Happily ever after in America? Sex and self-realization in marriage, 1950–1980
University of New Brunswick
This dissertation explores the intellectual and cultural history of the idea and practice of non-monogamous heterosexual marriage. The second half of the twentieth-century witnessed unprecedented challenges to the traditional notion of lifelong monogamous union. The idea that there was something natural, healthy, or adaptive about the sexually-exclusive marital bond came under fire from scientists and philosophers, social scientists, sex-positive feminists, champions of the counterculture, free-thinking Christians, popular writers and media personalities, utopian sexual revolutionaries, and even marriage counsellors and therapists. The study charts this trend from its antecedents in the interwar years, through the postwar baby-boom and the sixties sexual revolution, and into the countercultural utopianism of the 1970s. It presents the first comprehensive historical account of consensual non-monogamy – from open marriage and swinging to group marriage and sexually liberated intentional communities. It explains the decisive influence of feminism, both liberal and radical, on the evolution of consensual non-monogamy. As with feminists, open marriage proponents challenged prevailing norms of sex and gender. It also connects the widespread rejection of monogamy to the insistent call for self-realization resounding through the therapeutic culture.

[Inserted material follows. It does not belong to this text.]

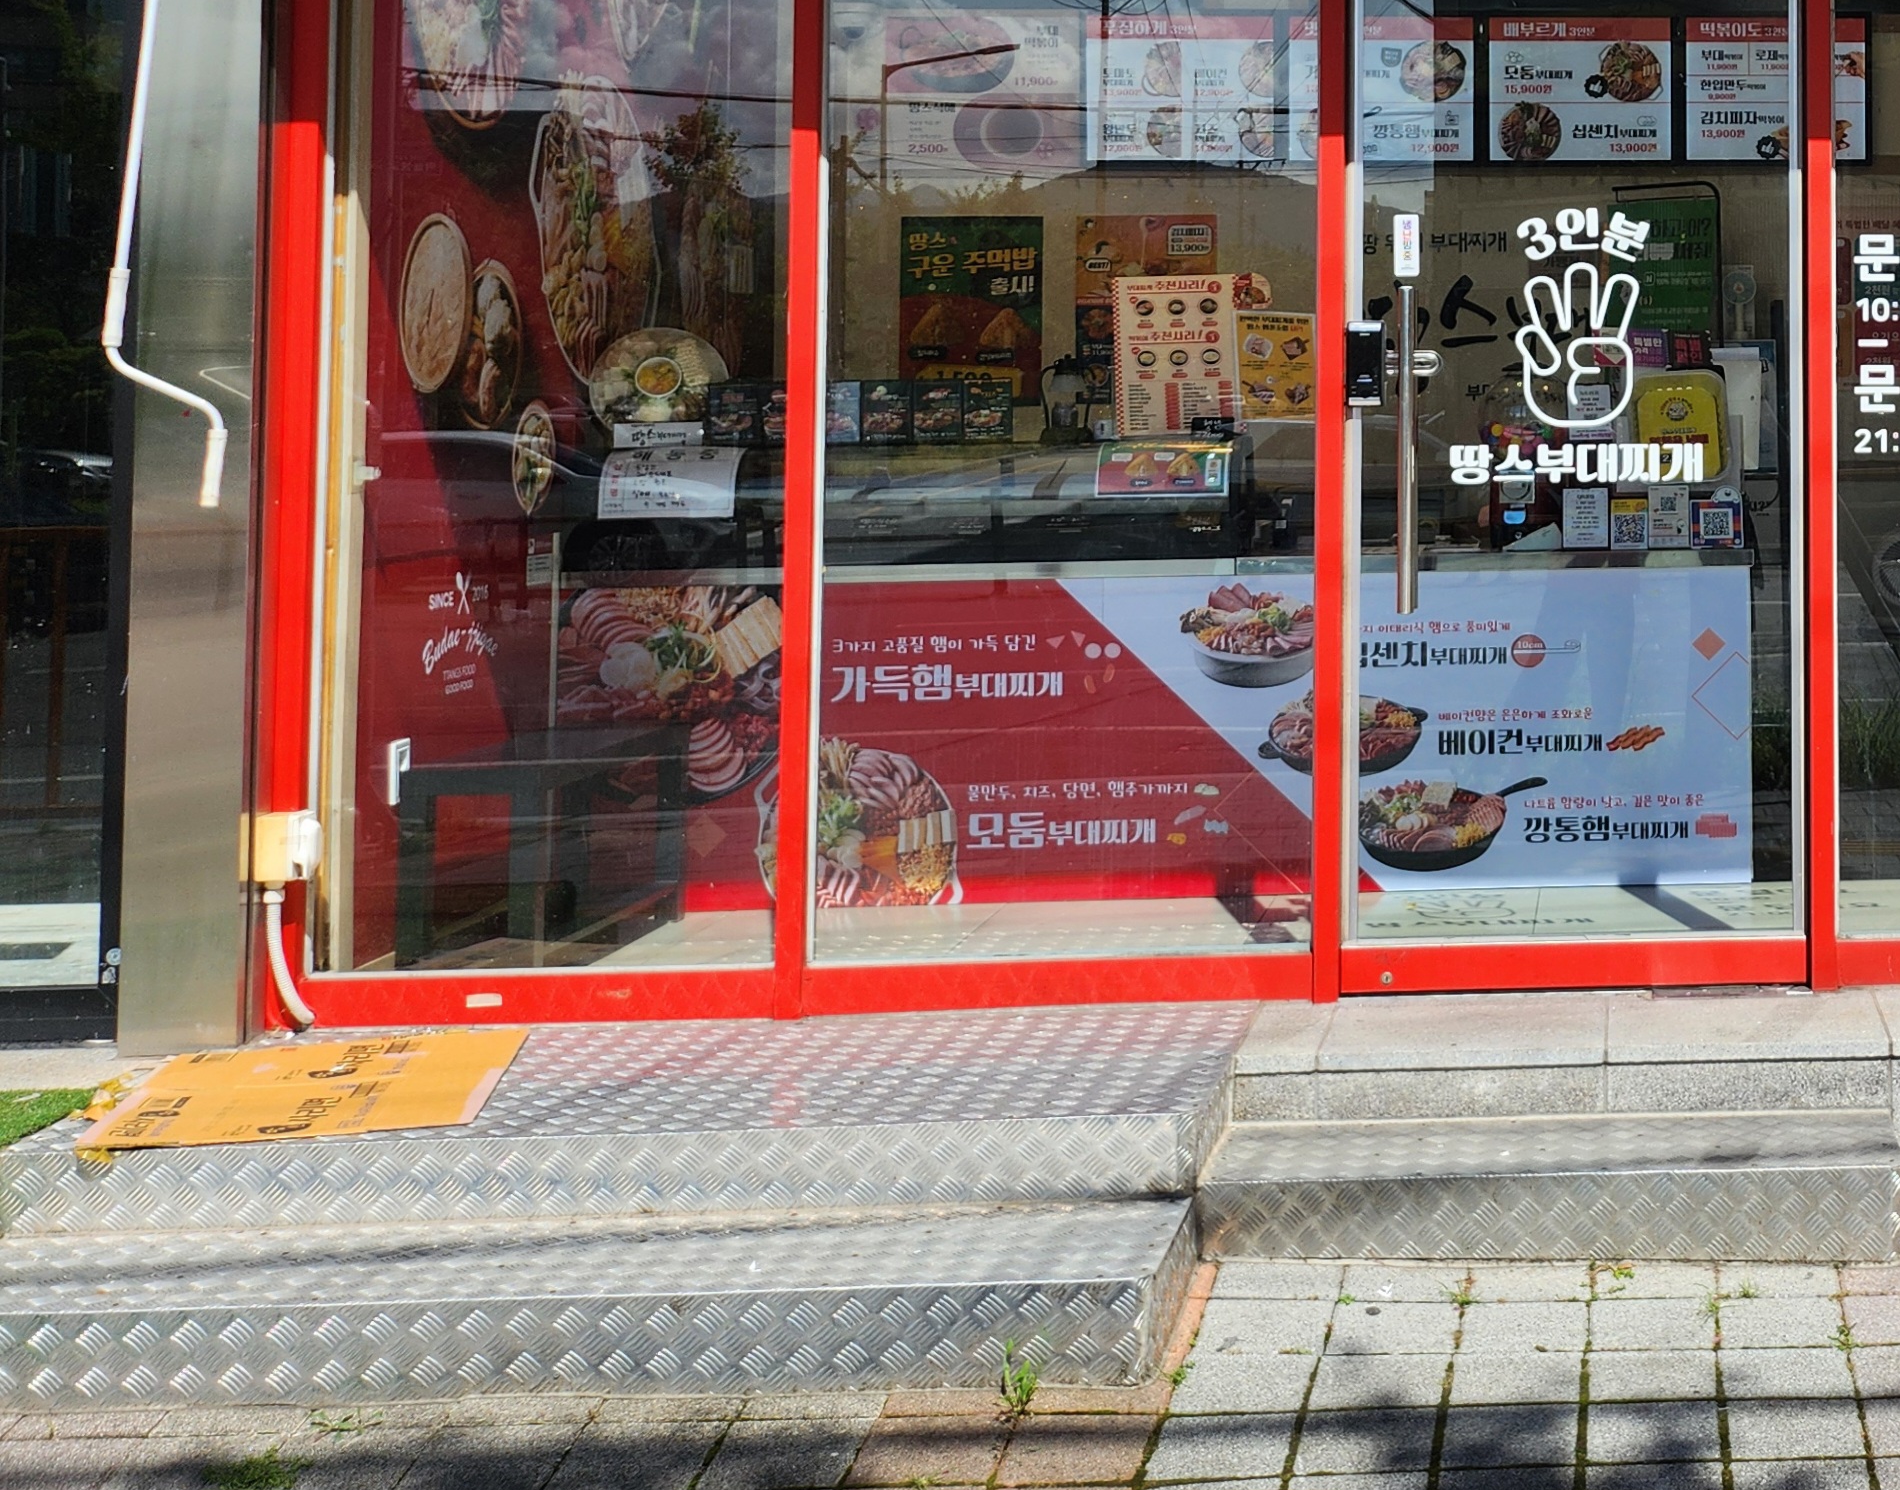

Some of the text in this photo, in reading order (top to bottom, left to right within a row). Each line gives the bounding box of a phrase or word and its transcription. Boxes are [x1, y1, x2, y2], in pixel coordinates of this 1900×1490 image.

The enthusiasm for open marriage found its unlikely culmination in the controversy sparked by the best-selling Open Marriage: A New Life Style for Couples (1972) by anthropologists Nena and George O’Neill. The discussion kindled by this publication reveals both the wide appeal of the open marriage concept and the role of the “informal public” in enforcing conformity to the institutional mandate of monogamous union. As the rebellions of the 1960s ebbed, the cultural tide turned against sexual exploration and experimentation. A more pessimistic and restrictive cultural environment gradually took hold, and the open marriage movement dissolved in the face of a resurgent family values new Right and a new, sexually conservative, cultural feminism.